If the stinger comes out in pieces, scrape them off with a blunt object like a credit card. This helps reduce the amount of venom that is released.
7. Getting stung by a wasp in the eye
Getting stung by a wasp can be scary, especially if you have a reaction. These can include itching and swelling in the area, but can also lead to more serious symptoms.
Usually, the stinger is confined to the sting site, but it can sometimes penetrate deeper into the eye. That’s why it’s important to immediately remove the stinger with a slit lamp.
Fortunately, ocular bee and wasp stings are rare. This is partly because they’re hard to diagnose and treat. But it’s also because they can be very dangerous, causing inflammation and damage to the cornea.

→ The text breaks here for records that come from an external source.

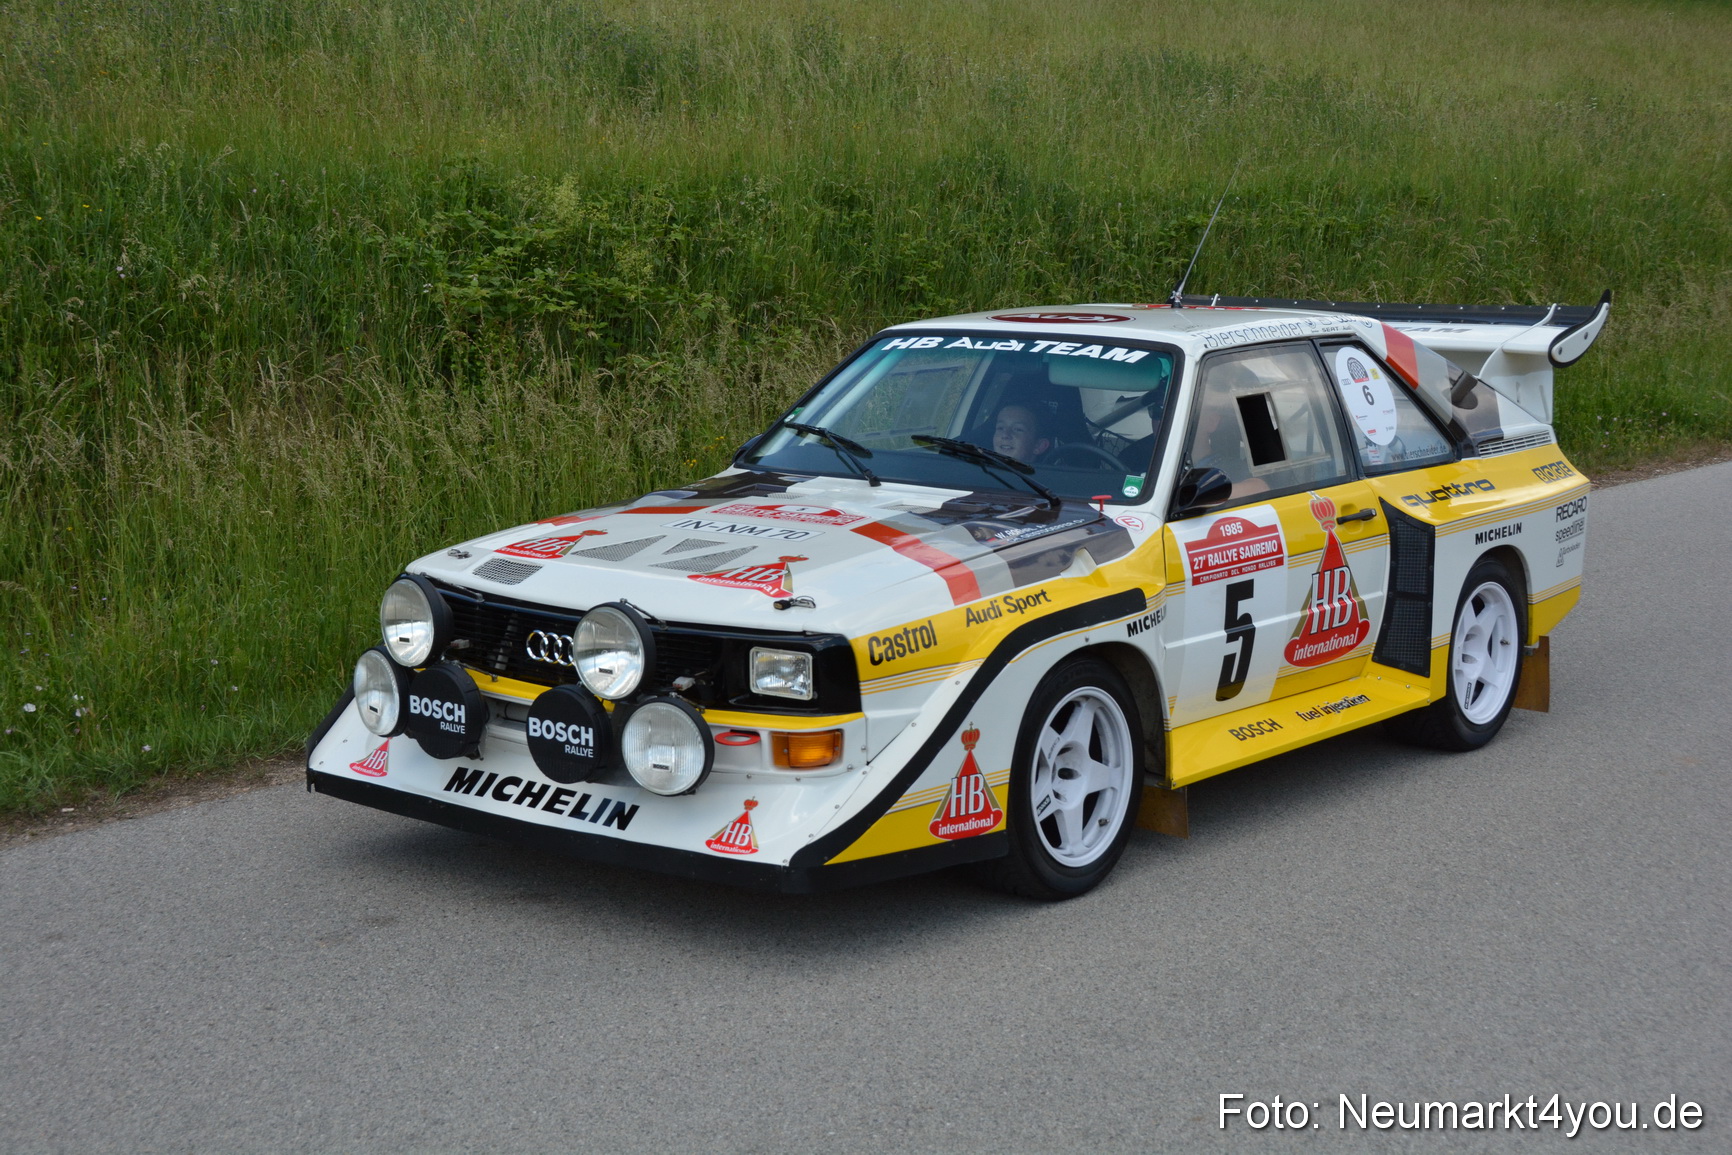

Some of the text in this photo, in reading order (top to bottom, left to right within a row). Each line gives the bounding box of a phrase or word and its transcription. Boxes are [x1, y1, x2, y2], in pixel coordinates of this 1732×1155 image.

[882, 336, 1150, 364] HB Audi TEAM
[1362, 385, 1375, 406] 6
[1401, 479, 1496, 509] quattro
[1556, 496, 1587, 522] RECARO
[673, 519, 809, 540] IN-NM 70
[1220, 522, 1243, 536] 1985
[1475, 522, 1522, 545] MICHELIN
[513, 538, 575, 552] HB
[1208, 548, 1238, 566] RALLYE
[1239, 540, 1278, 559] SANREMO
[720, 565, 789, 582] HB
[1200, 571, 1228, 583] CAMPIONATO
[1242, 565, 1257, 573] MONDO
[1258, 560, 1276, 569] RALLYES
[697, 576, 780, 595] international
[966, 589, 1052, 627] Audi Sport
[1310, 566, 1352, 635] HB
[867, 620, 938, 666] Castrol
[1215, 578, 1256, 702] 5
[1293, 627, 1359, 662] international
[409, 695, 465, 724] BOSCH
[1228, 694, 1371, 741] BOSCH fuel injection
[440, 721, 465, 734] RALLYE
[528, 716, 594, 747] BOSCH
[363, 750, 388, 770] HB
[565, 744, 594, 758] RALLYE
[443, 767, 640, 831] MICHELIN
[950, 773, 985, 818] HB
[720, 821, 753, 847] HB
[938, 813, 994, 836] international
[710, 842, 752, 854] international

8. Getting stung by a wasp in the ear
A wasp sting can be painful and itchy, but most people recover quickly. It’s possible to have a serious reaction if you’re allergic to the venom.
A normal reaction to a wasp sting typically causes pain, itching and swelling confined to the sting site. If symptoms become more severe, you should see your doctor.
The stinger of a wasp is designed to attack other insects and is able to pierce through the skin. The venom consists of several toxins.
These toxins include protein, acetylcholine-like substances, histamine, serotonin and kinin. The proteins cause an allergic reaction in many people.
9. Getting stung by a wasp in the nose
If you’ve ever been stung by a wasp, you know that it can be a pretty uncomfortable experience. The sting can cause pain, swelling, itching and more.
But there are ways to treat the sting. For instance, ice will help reduce the pain and swelling.
You can also apply vinegar or honey. Vinegar will neutralize the venom and reduce the pain, while honey has antibacterial properties that can lower your risk of infection from the sting.
Getting stung by a wasp can be life-threatening. You should carry a kit with EpiPens that can be used to prevent an allergic reaction.
10. Getting stung by a wasp in the mouth
Getting stung by a wasp in the mouth is one of the most painful and irritating things you can experience. It can also be dangerous if you have an allergic reaction to the sting.
The pain, swelling and itching of a wasp sting can last for hours or even days. You can use home remedies such as onion juice and vinegar to help reduce the pain.
If the sting happens in the mouth, nose or throat area, you should call 911 immediately. This is because of the possibility of anaphylaxis, which is a severe allergic reaction that can be life-threatening.